We have witness the amazing progress in making ever thinner televisions, with displays that have been squeezed in the 3rd dimension from 50 cm and more to 1 cm (with a few top of the line “gadged” in the few mm range). At the same time screens have become larger and larger, from the huge 27 inches on the 90ies to the now standard 42 inches and to the ever more common 65″ with market availability up to 100″. Technology made this squeezing and broadening possible. With the CRT technology the 3rd dimension was tied to the dimension of the screen, the larger the screen the more bulky in the 3rd dimension the television had to be, basically putting a limit to the screen dimension.
Moving from 50cm (or more) to 1 cm (or less) is almost a 2 order of magnitude scaling in the 3rd dimension. We have actually reached a point where we have to create a bulge on the screen to plug in the required cables. Recognising this limit have researchers stopped to look for thinner/larger screens? Of course not!

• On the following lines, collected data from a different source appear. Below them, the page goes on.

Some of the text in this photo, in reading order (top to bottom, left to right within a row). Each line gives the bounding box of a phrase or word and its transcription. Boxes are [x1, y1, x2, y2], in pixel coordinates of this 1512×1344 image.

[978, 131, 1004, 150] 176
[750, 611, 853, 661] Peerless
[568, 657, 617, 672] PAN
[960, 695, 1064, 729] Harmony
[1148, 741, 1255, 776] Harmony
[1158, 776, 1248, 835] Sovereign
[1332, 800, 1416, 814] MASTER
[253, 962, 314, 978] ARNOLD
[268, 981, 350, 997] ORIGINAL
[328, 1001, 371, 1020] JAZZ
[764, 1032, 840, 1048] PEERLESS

At UC Berkely researchers are pushing the envelope of thinnest by proposing a completely new display technology that, if made industrially viable, would decrease the current thinnest screen by 6 orders of magnitude to deliver a screen consisting of three atomic layers (plus a substrate), way thinner than a hair.
The proof of concept display consist of a monolayer 3 atoms thick (or thin!) that is completely transparent when inactive and that can emit a specific range of wavelengths (colours) when activated (by a voltage). By changing the atoms in the layer it is possible to generate different wavelengths (colours) and by layering 4 layers it becomes possible to create a colour display (that remains transparent when inactive).

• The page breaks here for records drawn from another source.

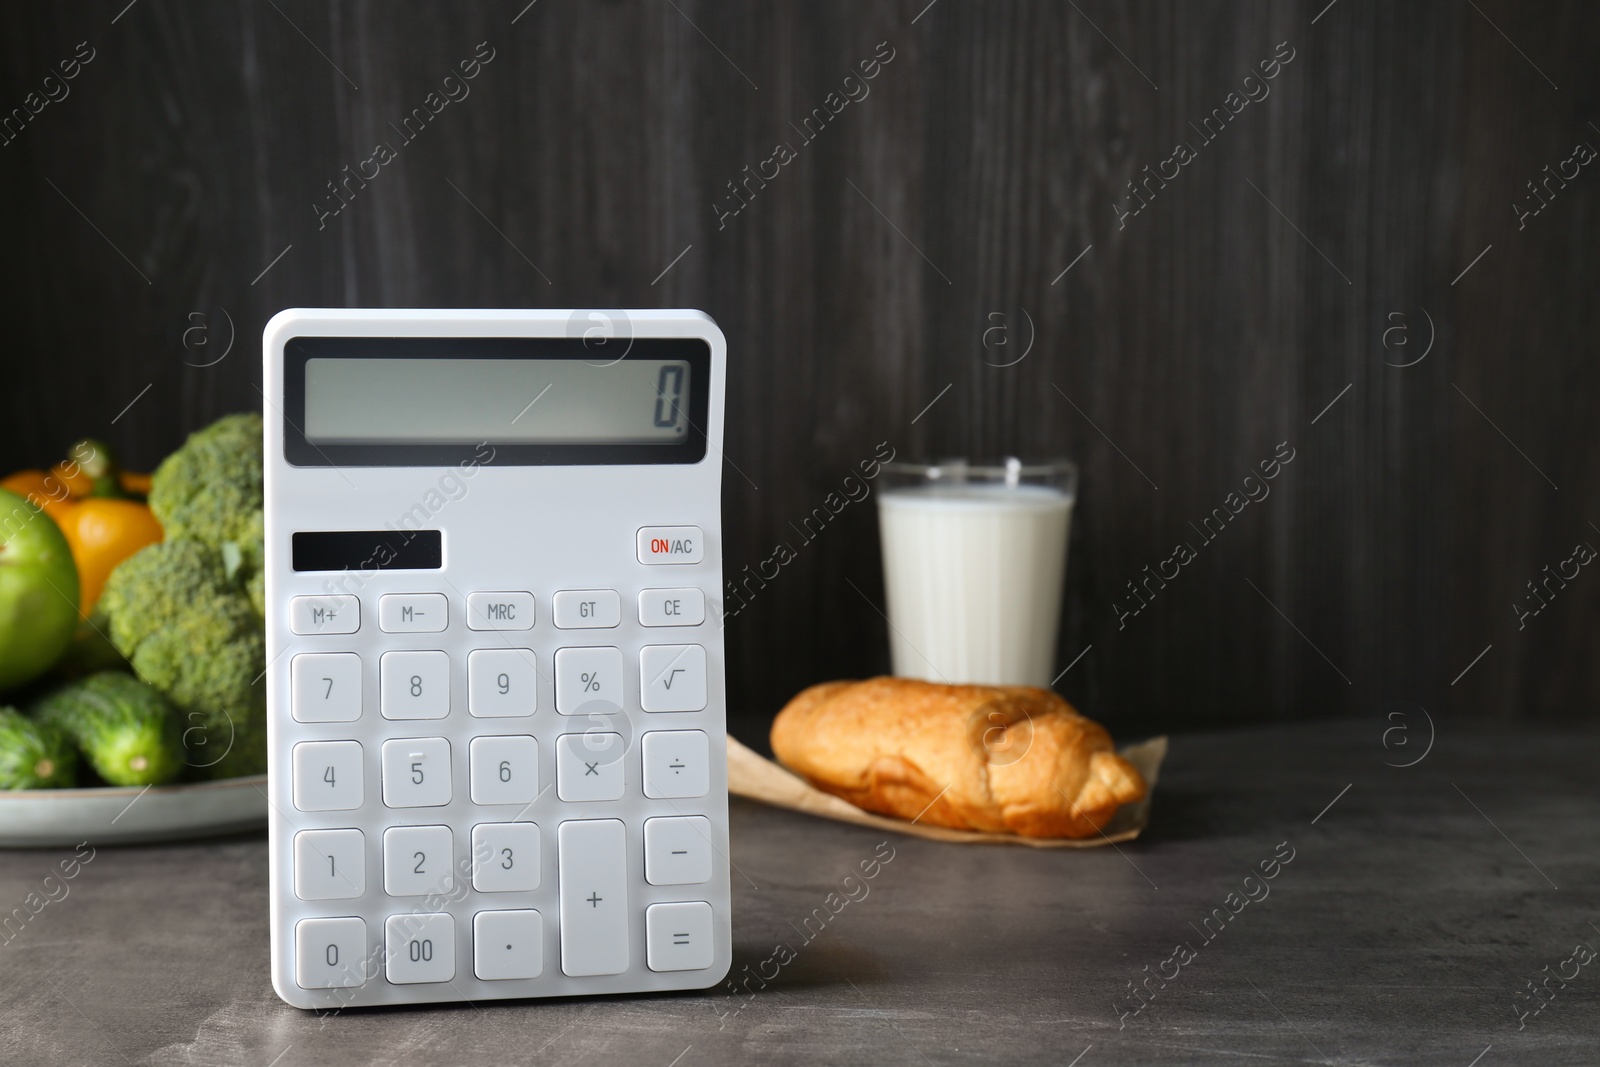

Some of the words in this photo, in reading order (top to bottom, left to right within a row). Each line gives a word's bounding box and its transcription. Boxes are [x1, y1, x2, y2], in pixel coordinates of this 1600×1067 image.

[651, 538, 692, 554] ON/AC
[313, 608, 337, 624] M+
[402, 605, 425, 622] M-
[487, 603, 516, 620] MRC
[579, 601, 596, 618] GT
[664, 599, 681, 616] CE
[322, 677, 334, 699] 7
[410, 675, 423, 697] 8
[497, 673, 510, 695] 9
[580, 671, 600, 693] %
[323, 766, 336, 788] 4
[411, 763, 424, 785] 5
[499, 761, 512, 782] 6
[327, 855, 335, 877] 1
[413, 852, 426, 874] 2
[501, 848, 514, 870] 3
[326, 944, 339, 966] 0
[409, 940, 433, 962] 00

The prototype has a very low efficiency converting just 1% of the power in light (versus 20 to 30% efficiency of today’s LED) but this is normal of any advanced technology. The important thing is that there is no intrinsic technical limit to block an increase of efficiency.
The layer is so thin that can easily adapt to any surface, including our skin, and can resist bending.
Practical applications are probably 20 years away but wouldn’t you expect if when talking about the edge of technology?